Tabi önce az önce dediklerime ters olarak "Ah Amy vah Amy neden bıraktın gittin ne dinlicem ben şimdi zaten adam gibi dinlediğim 2-3 kişi var onlar da ölürse müziksiz hayat mı geçiricem ben şimdi!" diye acımı suratınıza püskürtmek istiyorum. Evet bunu da aradan çıkardıktan sonra başlayalım. Öncelikle şu bir gerçek ki, Amy gibi efsane isimlerin ölümü ardından (Michael Jackson'da da olduğu gibi) nedense herkes o kişinin çok büyük hayranı olduğunu iddia eder. Oysa ki o insanın ağzından daha önce bunu hiç duymamışsınızdır. Kısacası herkes ağır Amy fanıyım diye gezicek etrafta birkaç ay haberiniz olsun. Tabi ben halis muhlis pis Amy fanıyım duyrulur. Daha konserinin haberini alır almaz geceleri gözlerime uyku girmemiş ve biletlerin satışa çıkmasını heyacanla beklemiştim eğer bilet kalmazsa diye. Neyse ki biletimi alıp son güne kadar yine heyecandan uyuyamamış ve son gece konser iptal haberini duyunca şok olmuş ve sıkı Amy fanlarının bileceği üzere çok da şaşırmamıştım. Malum Amy demek canı isterse çıkar istemezse çıkmaz isterse de çıkarsa konserde kafanıza yumruk atabilir demektir. Neyse ki gün gelir yerinde Londra'da izlerim diye teselli etmiştim kendimi. Tabi söz konusu olan Amy olunca, "ölmeden gitsek" konsepti de vardı ama yine de etrafında bu kadar insan varken de herhalde birşey olmaz fikri panik olmama engel oluyordu. Bilseydim atlar gider ellerimle rehabilitasyona yatırırdım (Muhtemelen daha yanına yaklaşamadan hapse atılırdım ama değerdi).
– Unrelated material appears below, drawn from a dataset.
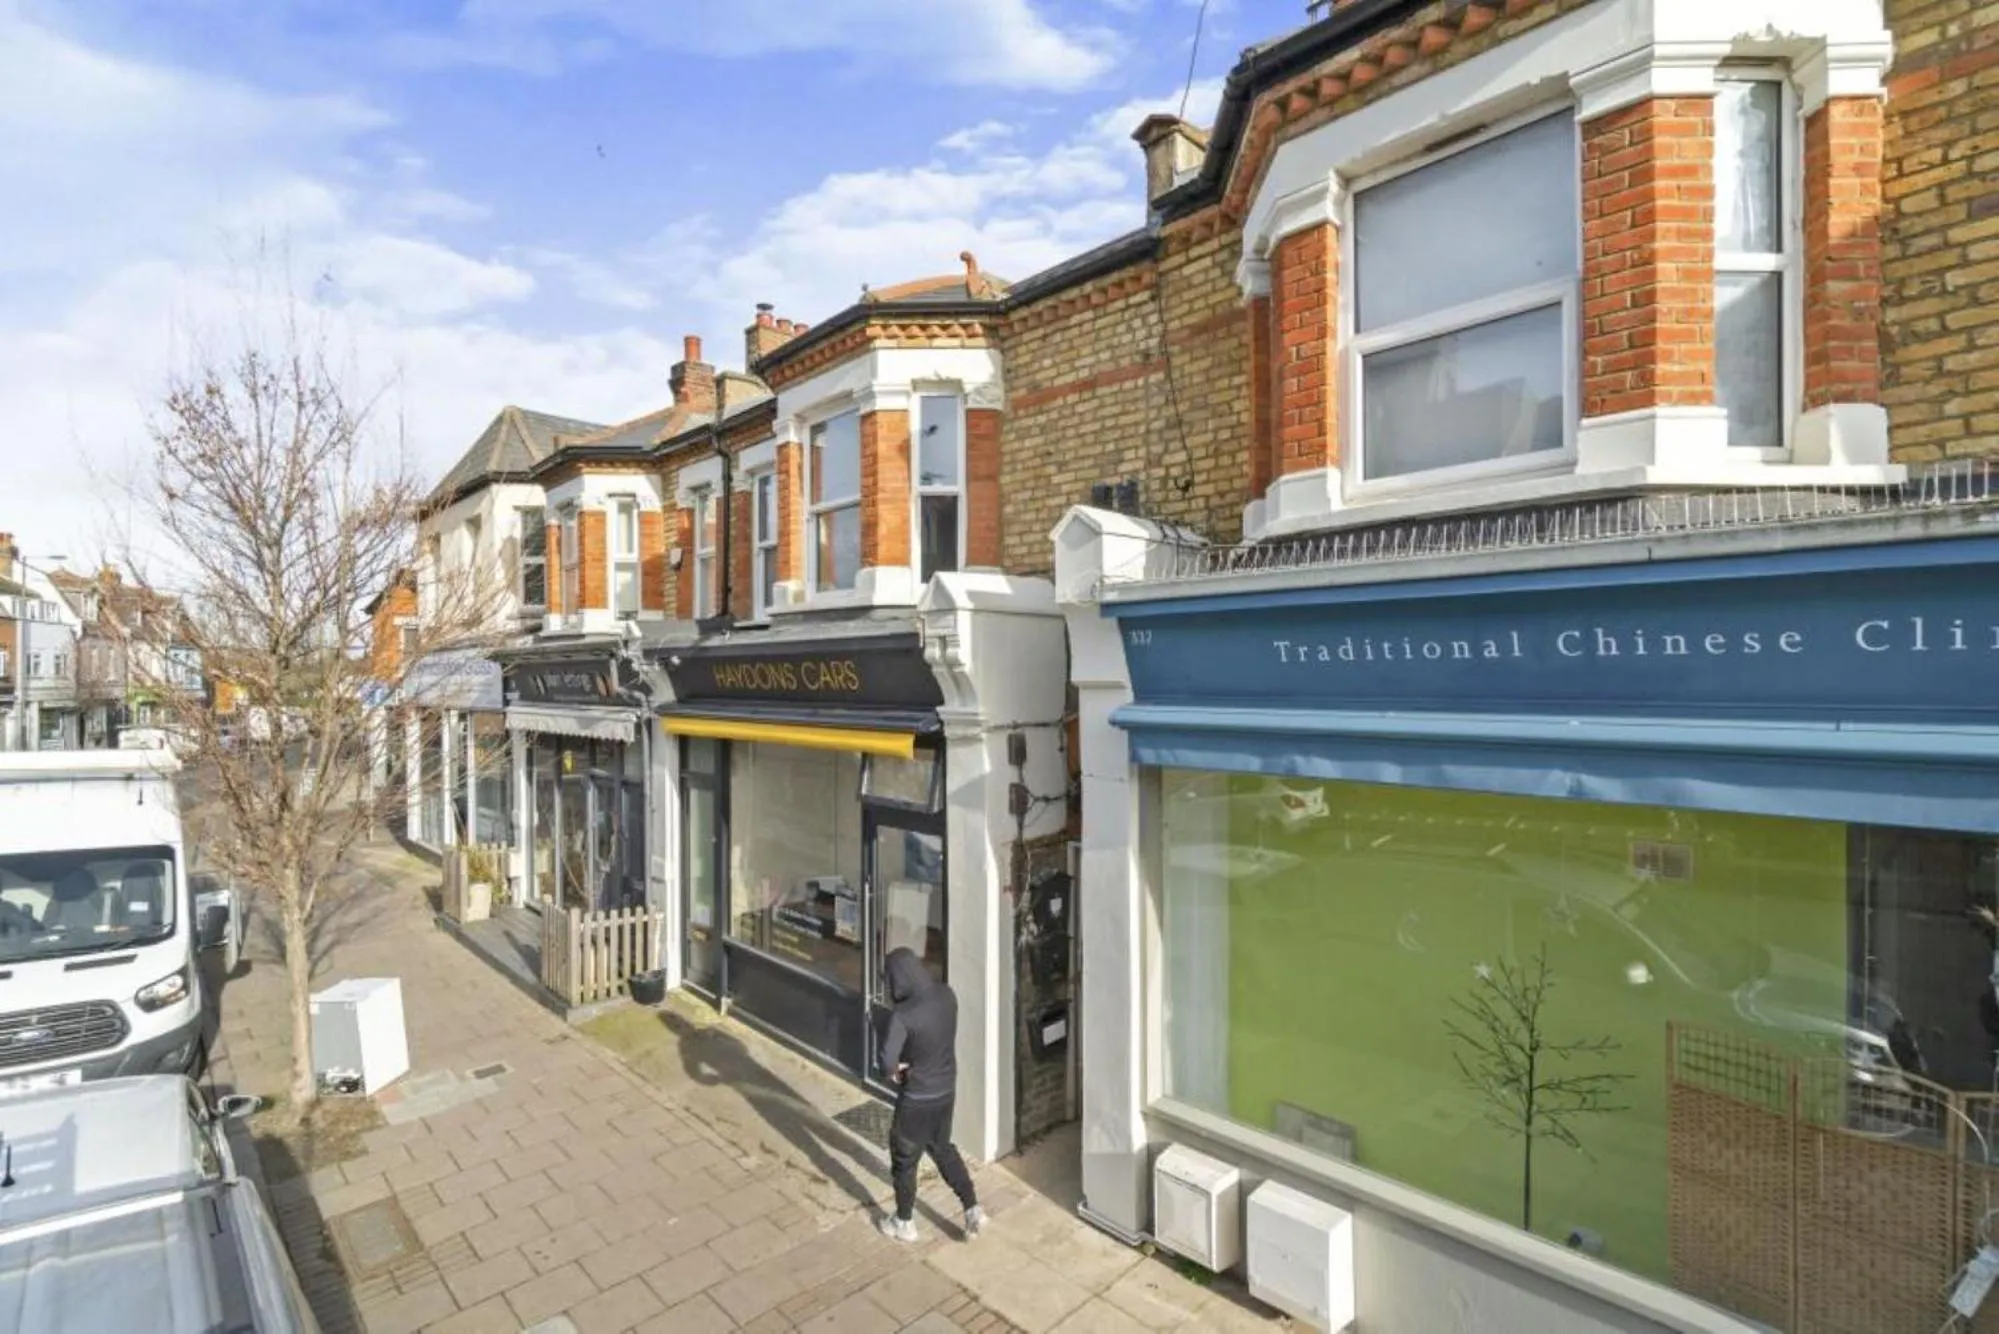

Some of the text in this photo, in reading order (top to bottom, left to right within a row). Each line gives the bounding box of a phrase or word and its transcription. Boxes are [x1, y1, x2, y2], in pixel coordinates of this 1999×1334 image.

Olan oldu giden gelmiyor özetle bize dünyanın en güzel 2 albümünü bıraktı : Frank ve Back to Black. İlerde adı efsane olarak anıldığı zaman ben de herhalde 40-50'li yaşlarımda olduğumda tüm şarkı sözlerini ezbere bilen karizma bir ihtiyar falan olurum. Başlıkta yer alan Klüp 27 (Club 27) ise 27 yaşında ölen inanılmaz yetenekli insanlara verilen genel isim. Bunların arasında Kurt Cobain, Jim Morrison, Jimmy Hendrix ve Janis Joplin gibi dönemlerinin en yetenekli şarkıcıları yer alıyor. İlginç yönü ise hepsinin kendi ölümlerini kendilerinin getirmesi ve binevi herkesin onların ölümlerini izlemesi. Tüm listeye burdan ulaşabilirsiniz.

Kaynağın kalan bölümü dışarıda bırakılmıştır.